▶ **TASK DETAILS**: Print the data exactly as written, line for line, and leave its pictures behind.

(RECORD EXTRACTS begins)

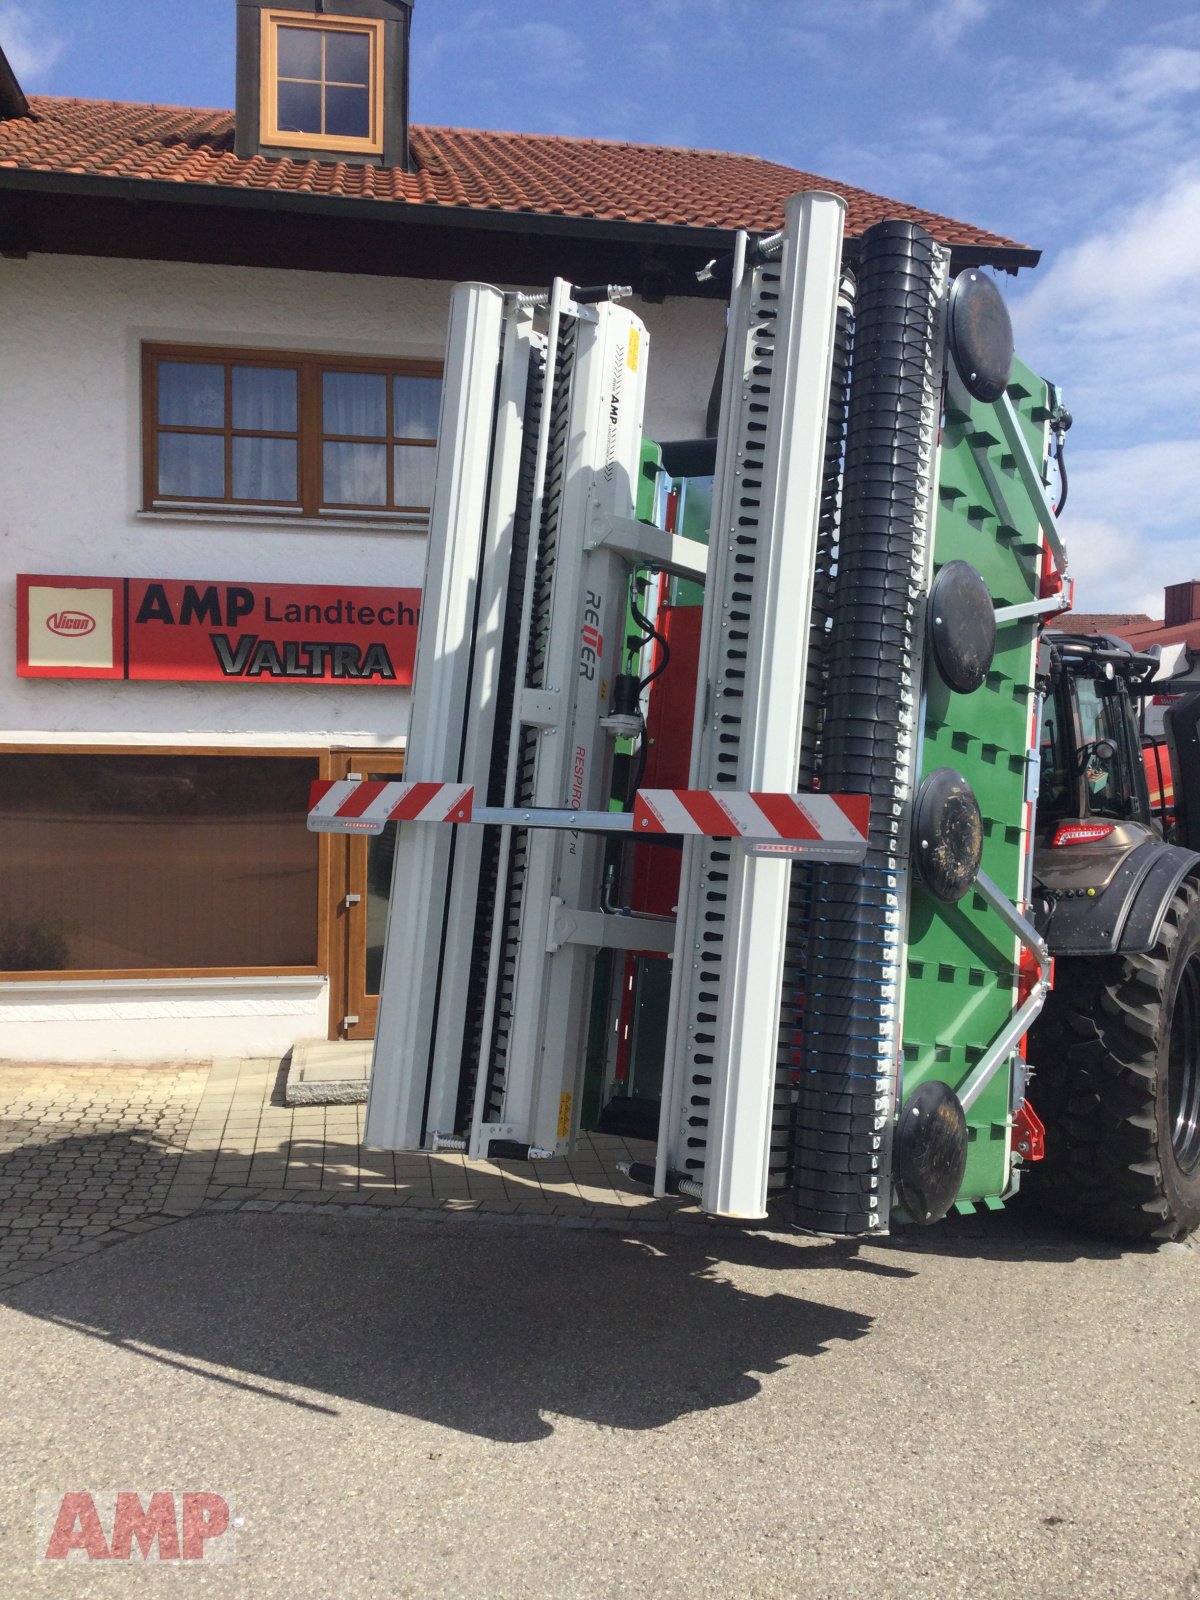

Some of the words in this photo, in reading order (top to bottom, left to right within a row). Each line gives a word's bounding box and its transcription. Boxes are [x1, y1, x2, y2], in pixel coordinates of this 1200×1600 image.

[610, 394, 619, 425] AMP
[53, 612, 89, 630] Vicon
[135, 583, 255, 627] AMP
[208, 633, 397, 679] VALTRA
[570, 745, 586, 809] RESPIRO
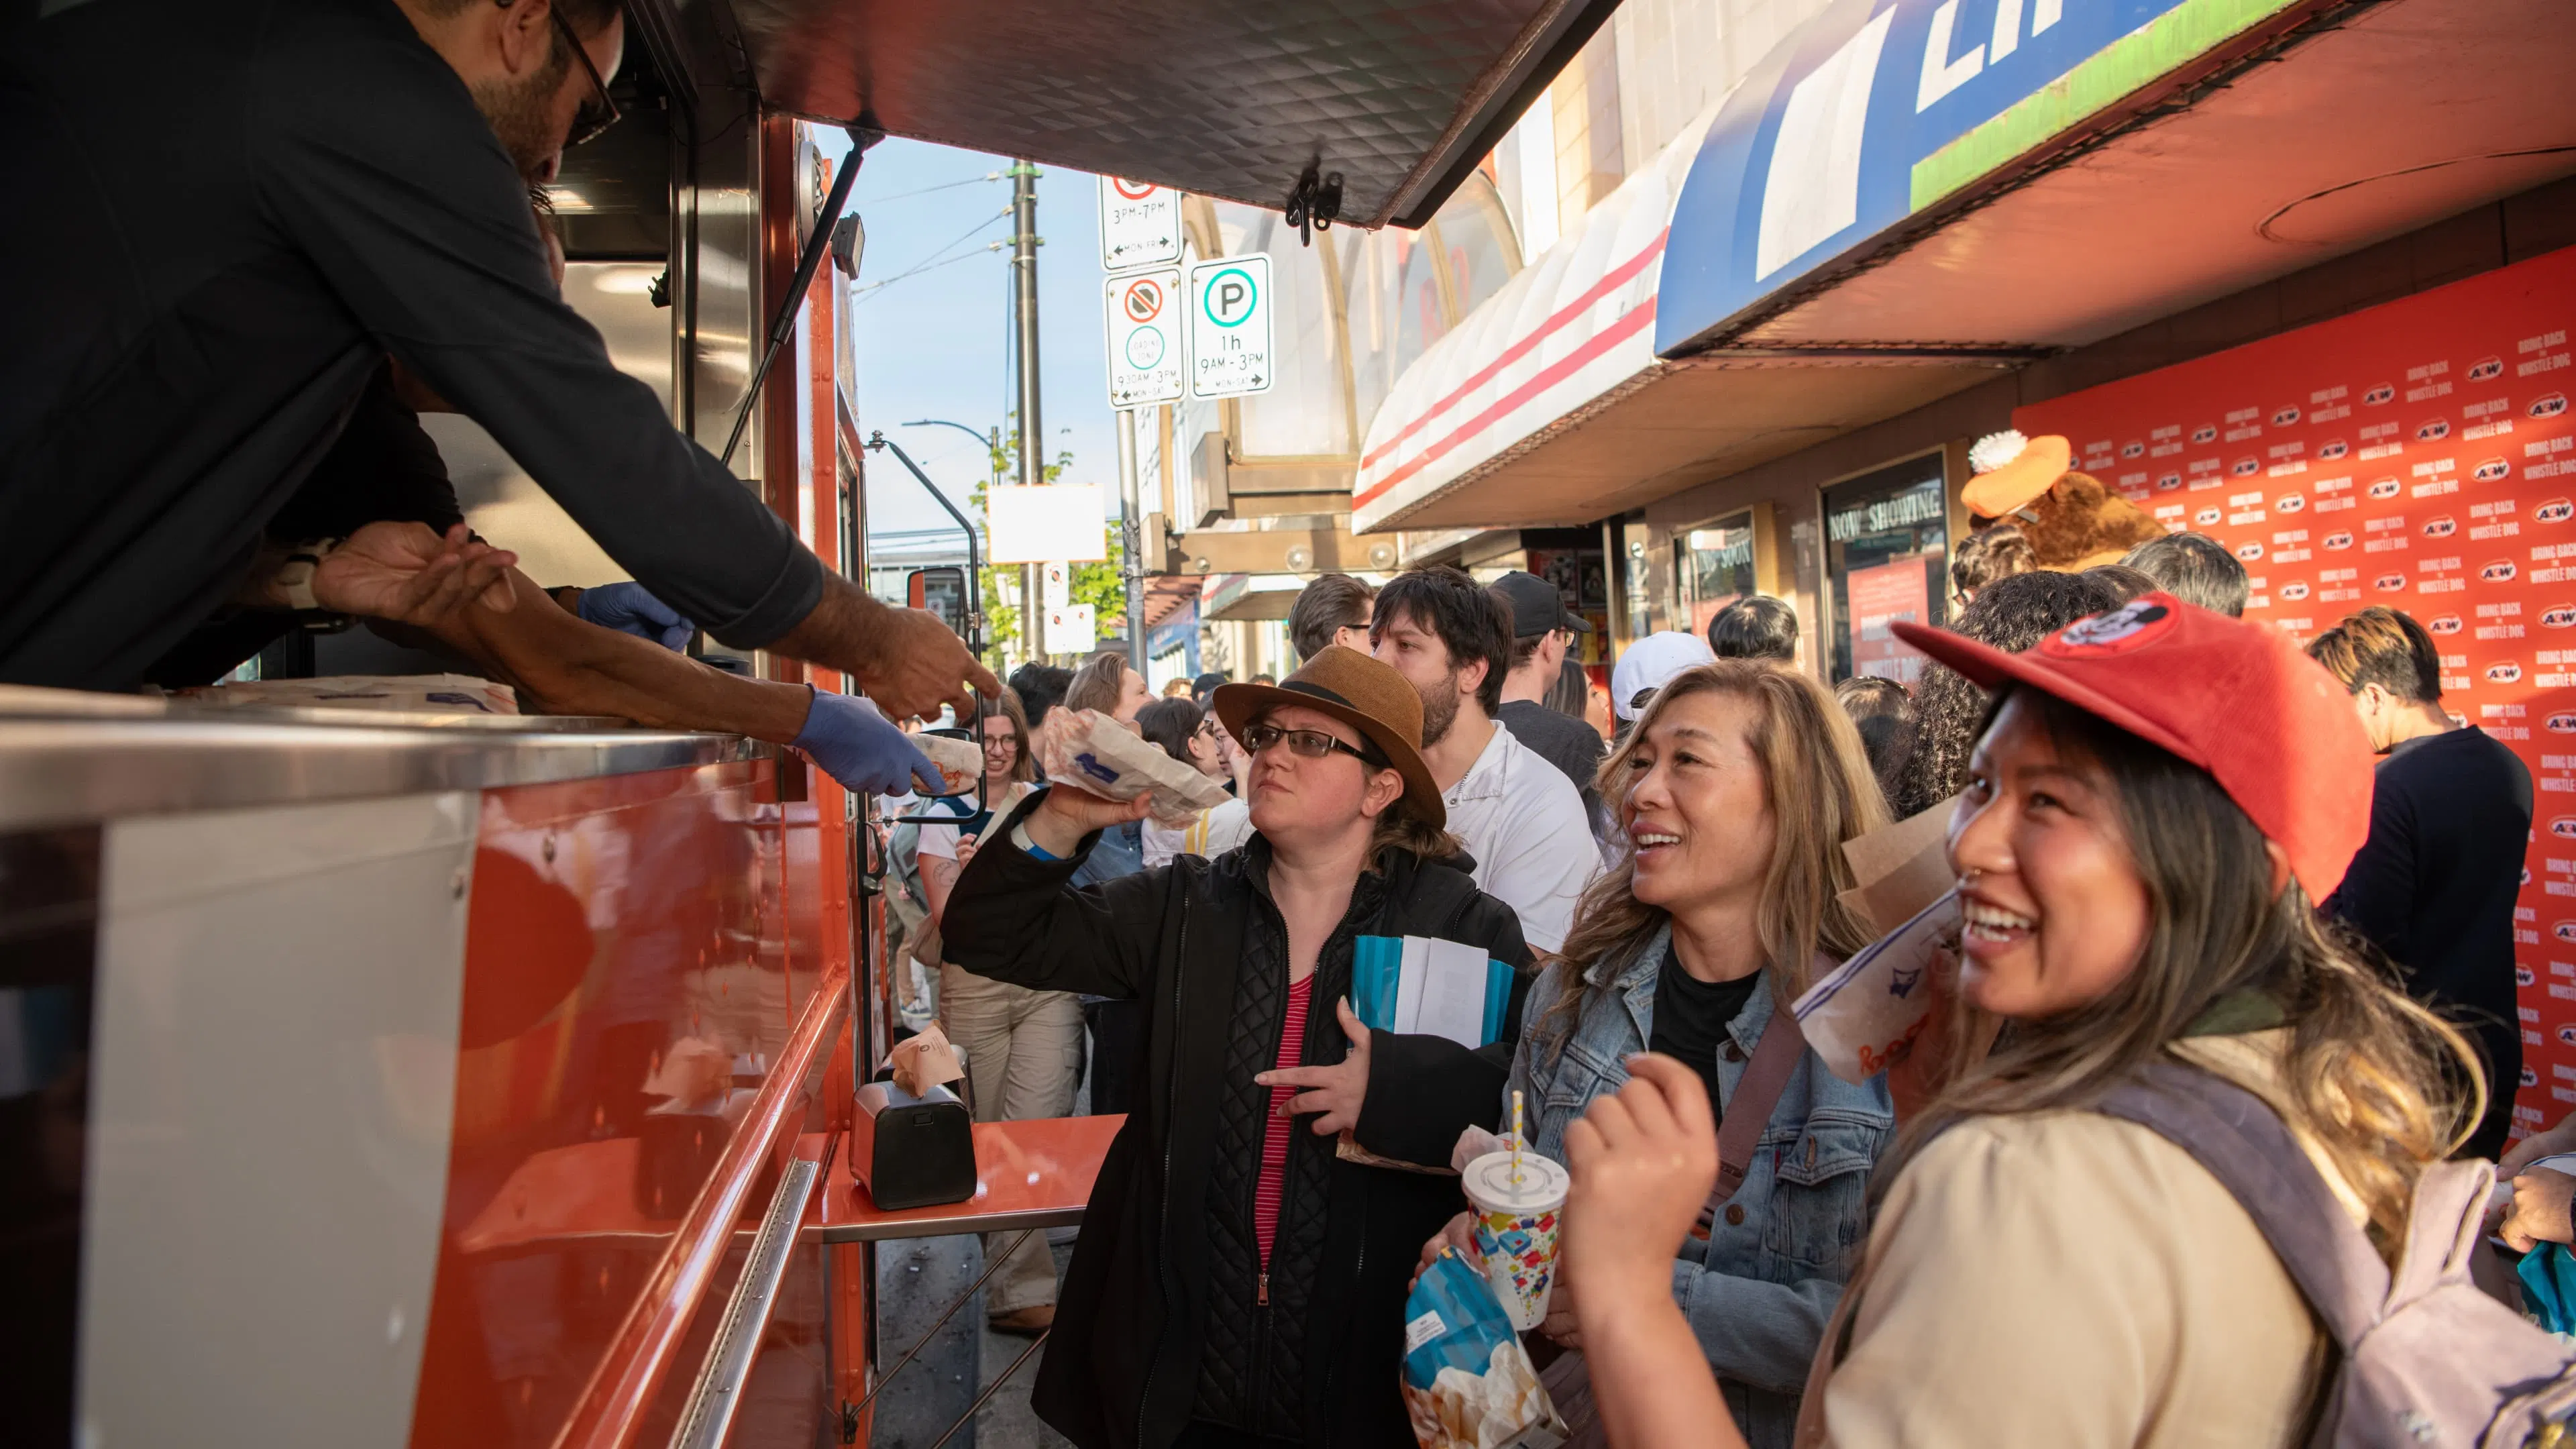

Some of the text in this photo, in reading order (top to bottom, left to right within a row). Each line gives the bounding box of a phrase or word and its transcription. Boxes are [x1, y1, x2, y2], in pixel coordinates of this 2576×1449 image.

(RECORD EXTRACTS ends)

▶ **SOLUTION TO THIS EXERCISE**:
Some of the words in this photo, in reading order (top to bottom, left to right within a row). Each line gives a word's bounding box and its transcription. Boxes are [x1, y1, x2, y2], in pixel coordinates of this 1200×1600 image.

[610, 394, 619, 425] AMP
[53, 612, 89, 630] Vicon
[135, 583, 255, 627] AMP
[208, 633, 397, 679] VALTRA
[570, 745, 586, 809] RESPIRO

Some of the text in this photo, in reading order (top to bottom, left to right within a row). Each line gives the bounding box of a phrase or word and its transcription. Boxes are [x1, y1, x2, y2], in pixel coordinates of this 2576×1449 image.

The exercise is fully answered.